After taking a breather last week, mortgage rates rose again, approaching 7%.
According to Freddie Mac, the average rate on a 30-year fixed-rate mortgage was 6.92% in the week ending October 13, up from 6.66% the week before. This is the highest average interest rate since April 2002. A year ago, the 30-year fixed rate was 3.05%.
Mortgage rates have more than doubled over the past year as the US Federal Reserve (Fed) launched an unprecedented rate hike campaign to curb skyrocketing inflation. A combination of central bank rate hikes, investor fears of a recession and various economic news has caused mortgage rates to fluctuate over the past few months.
Freddie Mac Chief Economist Sam Cater said: “While strong job and wage growth keeps consumer balance sheets positive, persistent inflation, recession fears and housing affordability have led to a sharp decline in demand for housing. ”
He said the coming months will undoubtedly be crucial for the economy and housing market. Home sales are already declining and prices are cooling.
According to Freddie Mac, the average mortgage interest rate is based on a survey of traditional homebuying loans to high-credit borrowers with a 20% down payment. However, many buyers with lower upfront payments or less than perfect credit will pay more.
The Fed’s efforts to curb inflation have had a major impact on the mortgage market.However, inflation remains above expectations and central banks continue to aggressively raise interest rates.
The Federal Reserve does not directly set the interest rates borrowers pay on mortgages, but its actions affect them. . When investors see or anticipate rate hikes, yields move higher and mortgage rates move higher.
George Latiou, senior economist and economic research manager at Realtor.com, said:
Higher interest rates have resulted in more potential buyers leaving the market, softening home prices and lower sales. However, there is still a shortage of available homes in relation to buyer demand, keeping prices high.
“The result is clearly rising rents and rising home prices,” said Lawrence Yun, chief economist at the National Association of Realtors. “Despite expected home price declines in some markets (mainly California), housing will continue to be unaffordable while rents continue to weigh on non-owners.”
Yun said the Federal Reserve was unlikely to give up its aggressive monetary policy of raising interest rates even with a recession looming.
“With 10-year Treasury yields surpassing 4% this morning, mortgage rates will struggle to maintain an average of 7% over the next few weeks,” Yoon said.
Bob Broeksmit, president and CEO of the Mortgage Bankers Association, said fewer people are looking for a mortgage to buy or refinance a home, and the economic uncertainty is pushing credit down. He said it was getting harder to get.

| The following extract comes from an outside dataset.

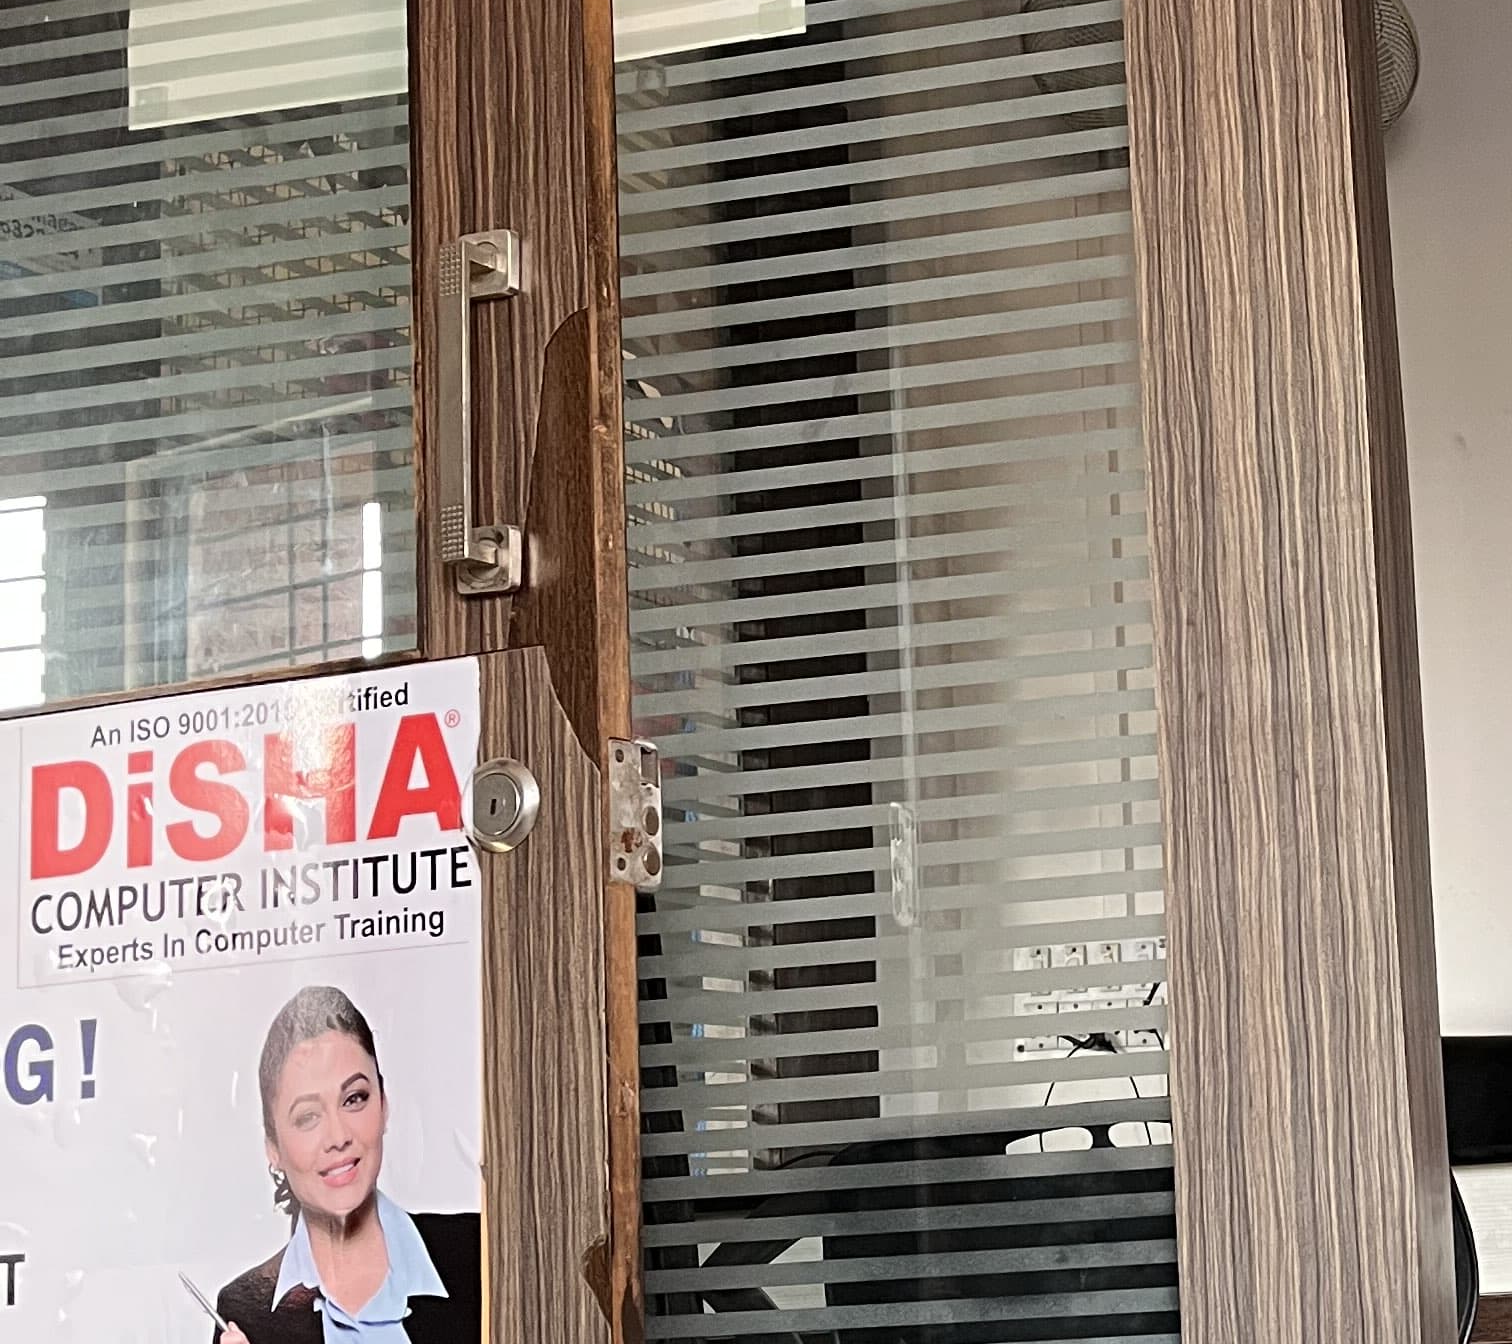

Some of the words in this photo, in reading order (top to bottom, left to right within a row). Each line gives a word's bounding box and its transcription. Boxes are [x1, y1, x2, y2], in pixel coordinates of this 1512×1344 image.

“We have seen credit tightening as both lenders and borrowers grapple with ongoing economic uncertainty and affordability issues,” he said. “Despite strong wage and employment gains in September, homebuyers remain reluctant to enter the housing market.”
Rising mortgage rates are making it even harder for prospective buyers to afford a home.
“With incomes lagging inflation, the ability of homebuyers to finance their purchases has been severely curtailed by mortgage rates that surged from 3.1% in early 2022 to nearly 7%,” said Ratiu. says Mr.
For a family with a median household income of $71,000 and a 20% down payment, a typical homebuying budget this January was $448,700, according to Realtor.com. This week, the same family could only buy her $339,200 home.
And my monthly payments have increased significantly.
A year ago, Freddie calculated, a buyer who paid a 20% down payment on a $390,000 home and financed the rest with a 30-year fixed-rate mortgage with an average interest rate of 3.05% would have a monthly mortgage payment of It was $1,324. Mac.
Today, if a homeowner bought a similarly priced home at an average interest rate of 6.92%, they would be paying $2,059 a month in principal and interest. $735 more each month.